Signatures Are Not Enough

It’s a well known fact that many security filters, on both client and server, use pattern matching techniques in order to detect malicious attack payloads. For example, if you are trying to protect your application from SQL injection attacks, you will probably need to detect the pattern “union…select…from”, which is a good indication of a possible SQL injection attack payload.

Unvalidated Redirects and Forwards
While pattern matching is affective in many cases, I meet more and more cases where it’s not enough. We can see further evidence of that in the latest OWASP Top 10 2010, in which a new item - A10 was added - “Unvalidated Redirects and Forwards”.

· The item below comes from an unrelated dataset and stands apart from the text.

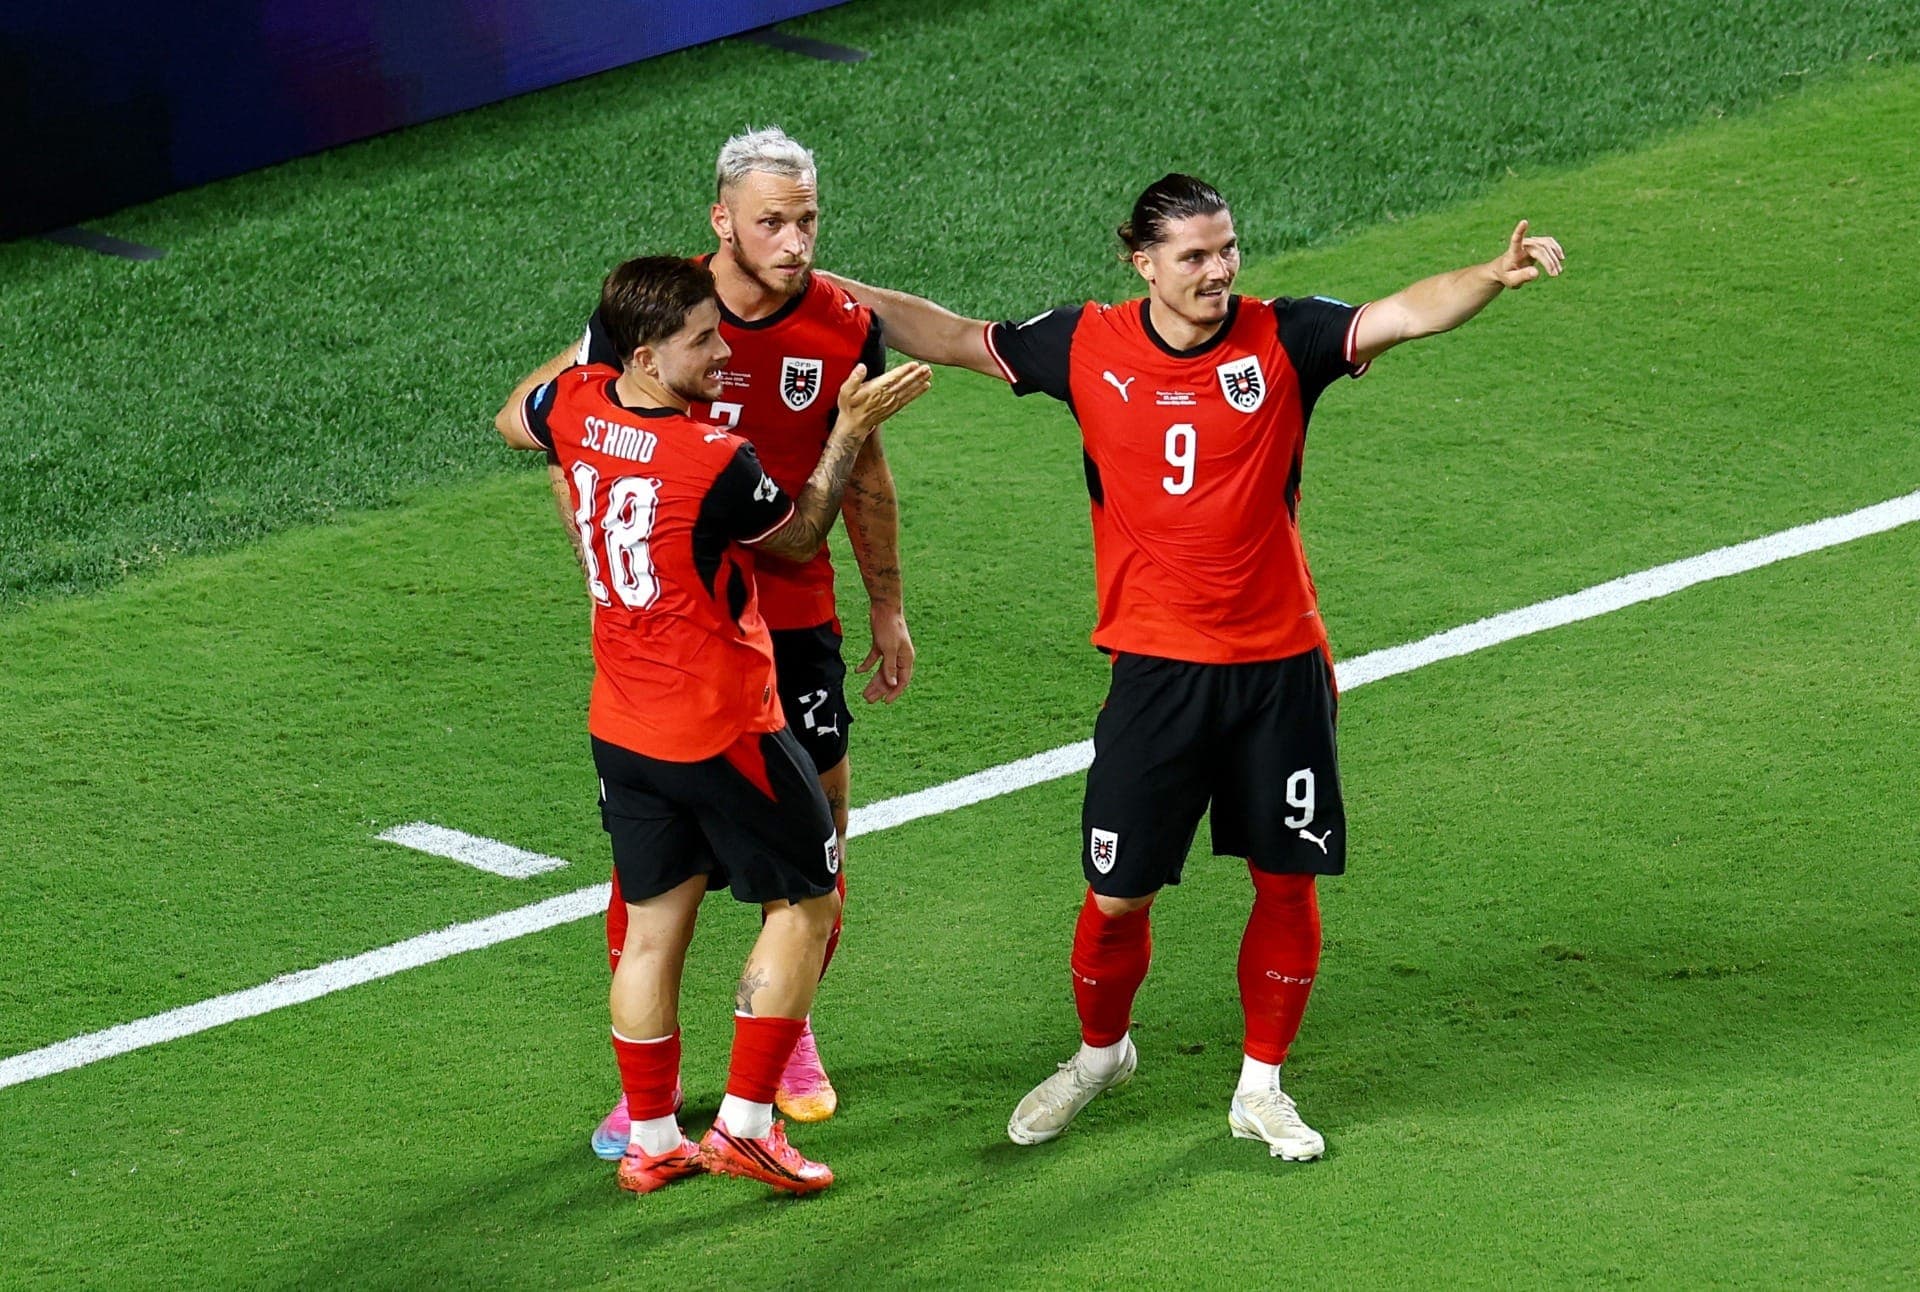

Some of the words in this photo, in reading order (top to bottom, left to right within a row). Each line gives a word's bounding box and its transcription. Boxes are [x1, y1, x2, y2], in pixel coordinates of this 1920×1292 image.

A redirect facility is a function of the application that transfers users to different pages within or outside the application. For example, take a look at the following request to the application:

GET /site/redirect.php?to=http://site/target.html HTTP/1.1

The request is valid and we can see that the parameter “to” is used by the application as a redirect destination to a valid location in the application. Below we see how the same parameter is used by an attacker to redirect the user to a malicious application (which may be used for a phishing attack).

GET /site/redirect.php?to=http://malicious_site.com/hacker.html HTTP/1.1

Using the negative security approach in this case is not simple and may be not effective because allowed values are known, while disallowed values are endless; therefore a new approach is required.

In a recent presentation at the Israel OWASP annual chapter meeting, I presented the shortcomings and several alternative solutions to the practice of depending solely on signatures to detect malicious attacks.